I stole my own joy deceiving myself into believing that face blinking back from the mirror was supposed to be growing a beard and broad shoulders and look hard and rough and all scarred up. I live the regret knowing I built barriers with black magic to protect the part of me I couldn't love while a testosterone brush coated my body like parking lot crust over top wild buds because I couldn't find my courage early enough but I'm calling my bluff, my goal is happiness and my fear is screaming, the cement is giving to self respect seeds, the concrete is splitting and beautiful things are spilling from me.

I may not be a real man like you, but that's because to you manhood's a prop to make you finally feel powerful, you use it to hide yourself from your cowardice so you call women bitches because that way at least you can subjugate something. I call last night my bitch because it tried to destroy me and I still woke up under that bridge. It doesn't matter how, I woke up.

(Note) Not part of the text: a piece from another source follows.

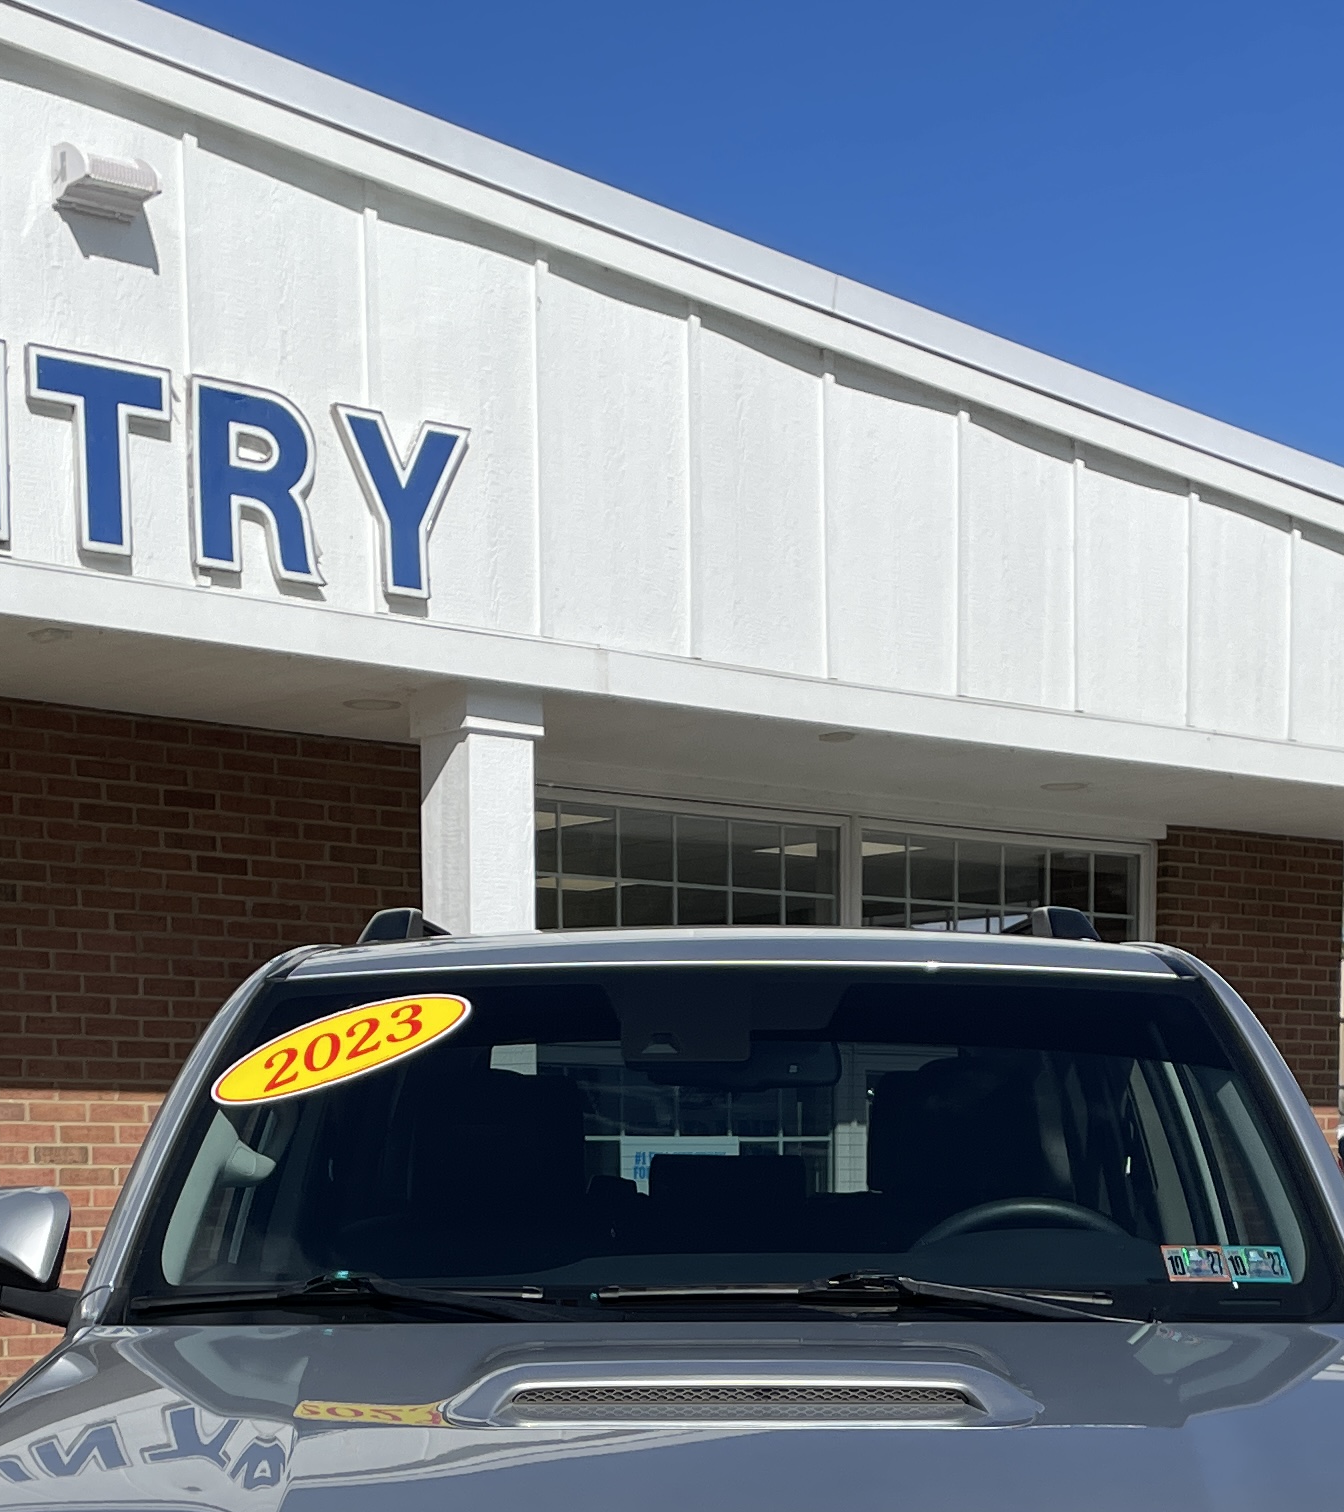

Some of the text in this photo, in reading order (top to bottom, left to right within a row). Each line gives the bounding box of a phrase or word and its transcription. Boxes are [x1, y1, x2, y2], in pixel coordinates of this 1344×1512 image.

[263, 1004, 423, 1093] 2023
[1167, 1255, 1186, 1275] 10
[1227, 1255, 1247, 1276] 10
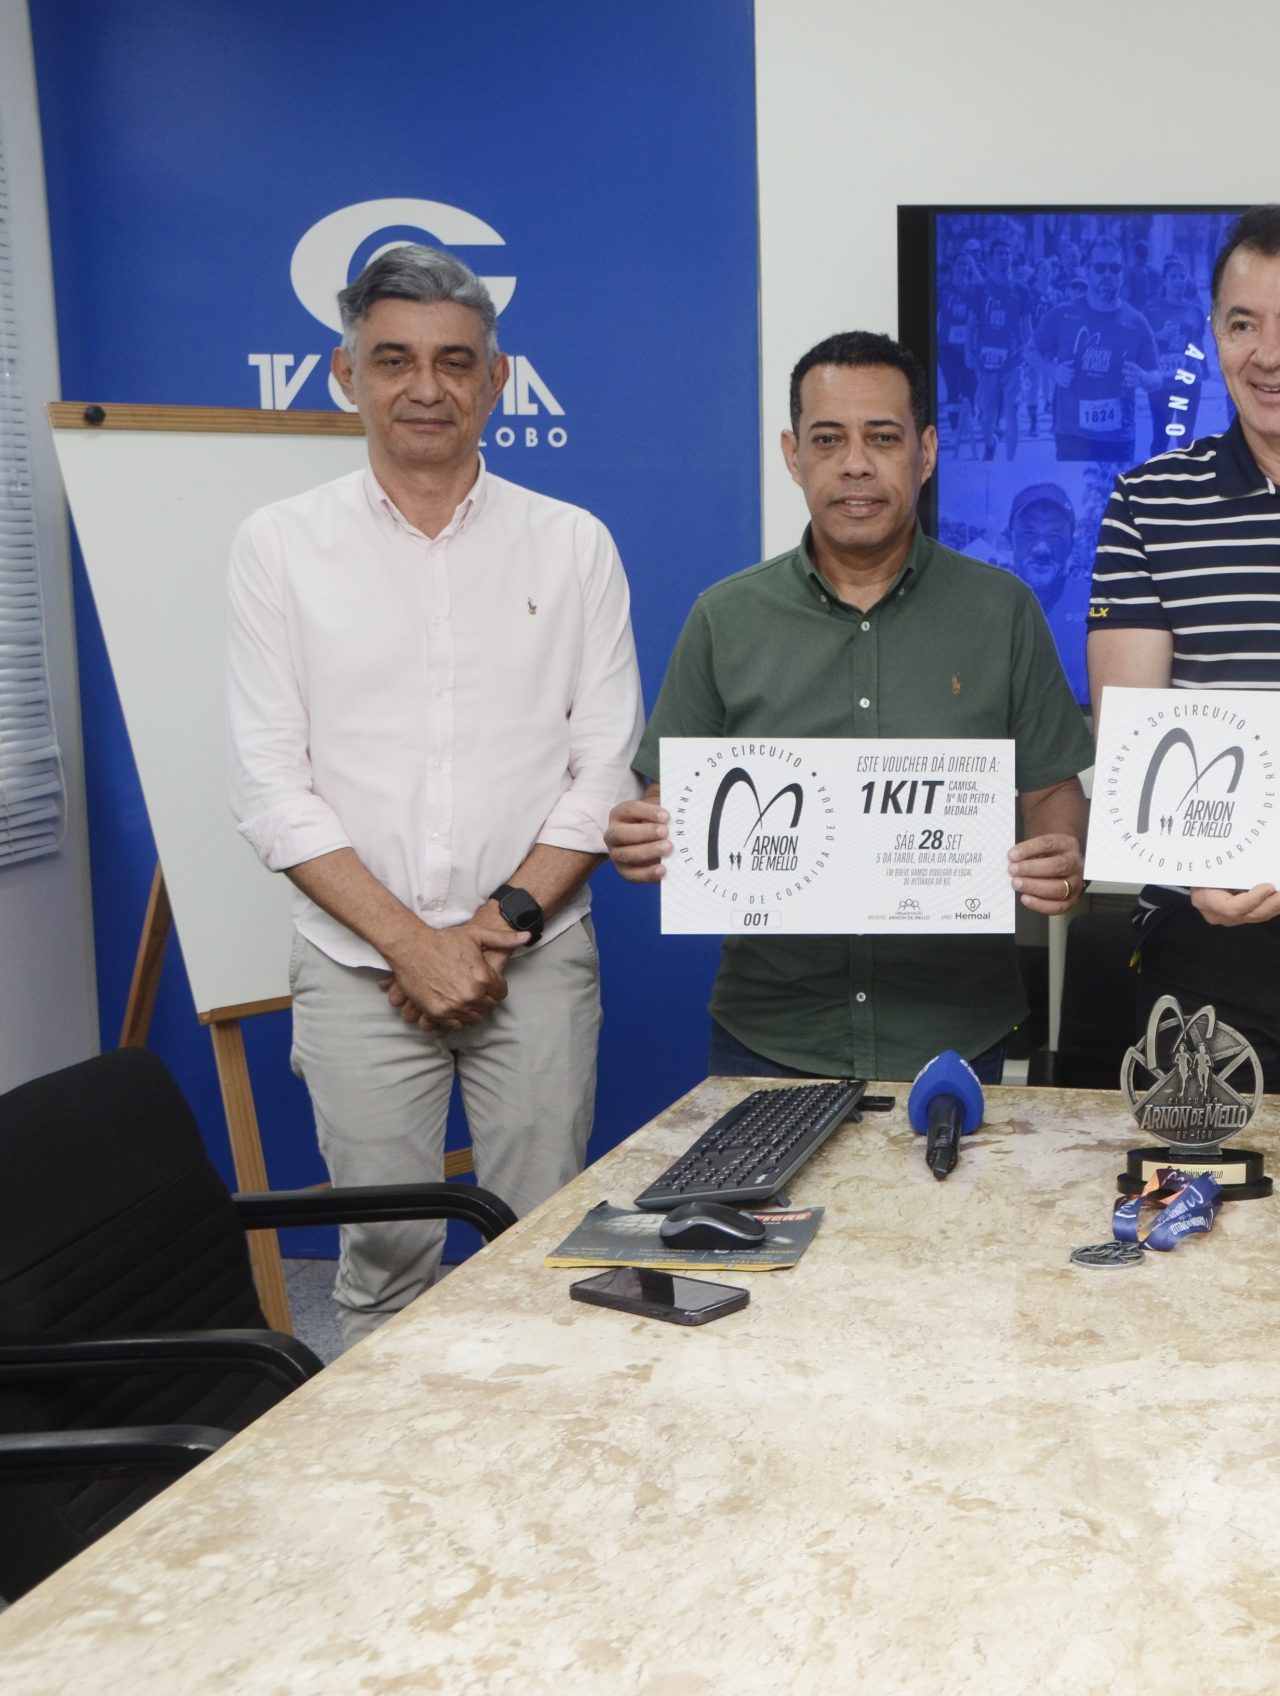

I carry a lantern called manhood, my father gave me the tools in my attitude to protect what I love from being misused or disposed of, from being caught in the cold and the wet. Fear may be breathing your words and stealing your air but I'm still here and I'm not giving up yet.

I may not be a real woman like you, but if you can't accept me maybe it's because you can't stand it knowing this poser is prettier than you. Even if your cheekbones are better your soul's in the gutter, you've forgotten your power when you let other people assign what your value is. You don't have to be perfect but respect yourself enough not to project your own self contempt or I'll be required to call you an "it" because no real man calls a girl bitch and no real woman takes that shit.

It's not easy being transgendered but your skin is only momentary, your personality's imaginary and you set your own boundaries. Your gender is only binary because you've been taught believe in things that divide and conquer you. Truth is what you choose. If you don't like the rules then stop playing by them.

It's not easy being transient but the only reason for your system to be monetary is to scare you from throwing out your batteries, taking off your training wheels and stepping out of boundaries to find where your true power lies. It doesn't matter what the facts describe, only your attitude can hold the light. Put it to the test and you can show the rest how to defeat the things that want you to cower and plead. Show me because sometimes I'm still too scared to be free. Show anyone that wants to stop you, show them they can kill you but if they kill you, you die on your feet.